### What is needed
Repeat the data word for word, excluding every picture.

### Records for processing

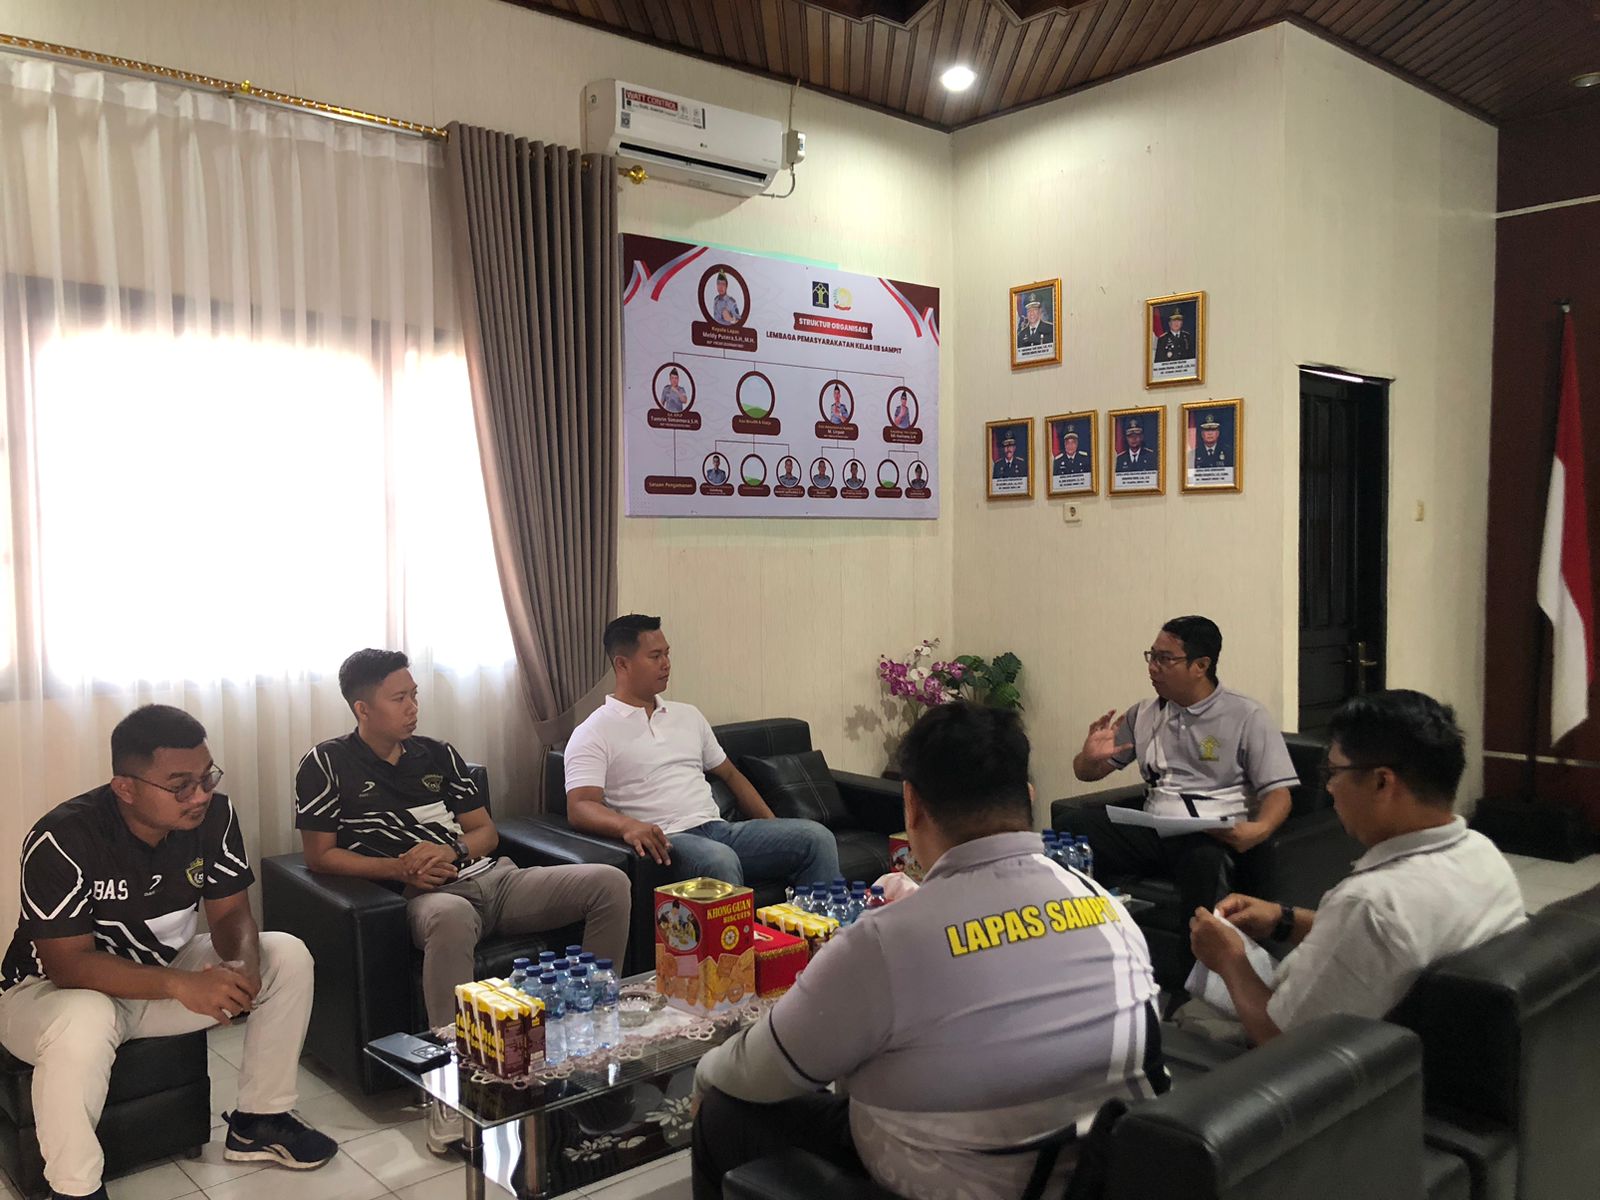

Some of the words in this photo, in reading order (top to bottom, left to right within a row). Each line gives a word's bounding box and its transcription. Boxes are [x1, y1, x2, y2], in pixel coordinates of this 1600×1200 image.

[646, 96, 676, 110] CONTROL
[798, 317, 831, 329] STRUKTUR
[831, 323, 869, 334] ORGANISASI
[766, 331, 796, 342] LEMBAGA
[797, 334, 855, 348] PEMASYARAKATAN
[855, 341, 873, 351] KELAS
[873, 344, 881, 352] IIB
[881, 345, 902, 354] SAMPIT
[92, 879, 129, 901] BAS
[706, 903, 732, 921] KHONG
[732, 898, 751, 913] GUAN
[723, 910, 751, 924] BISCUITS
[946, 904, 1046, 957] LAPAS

### Solution below
Some of the words in this photo, in reading order (top to bottom, left to right within a row). Each line gives a word's bounding box and its transcription. Boxes are [x1, y1, x2, y2], in pixel coordinates of this 1600×1200 image.

[646, 96, 676, 110] CONTROL
[798, 317, 831, 329] STRUKTUR
[831, 323, 869, 334] ORGANISASI
[766, 331, 796, 342] LEMBAGA
[797, 334, 855, 348] PEMASYARAKATAN
[855, 341, 873, 351] KELAS
[873, 344, 881, 352] IIB
[881, 345, 902, 354] SAMPIT
[92, 879, 129, 901] BAS
[706, 903, 732, 921] KHONG
[732, 898, 751, 913] GUAN
[723, 910, 751, 924] BISCUITS
[946, 904, 1046, 957] LAPAS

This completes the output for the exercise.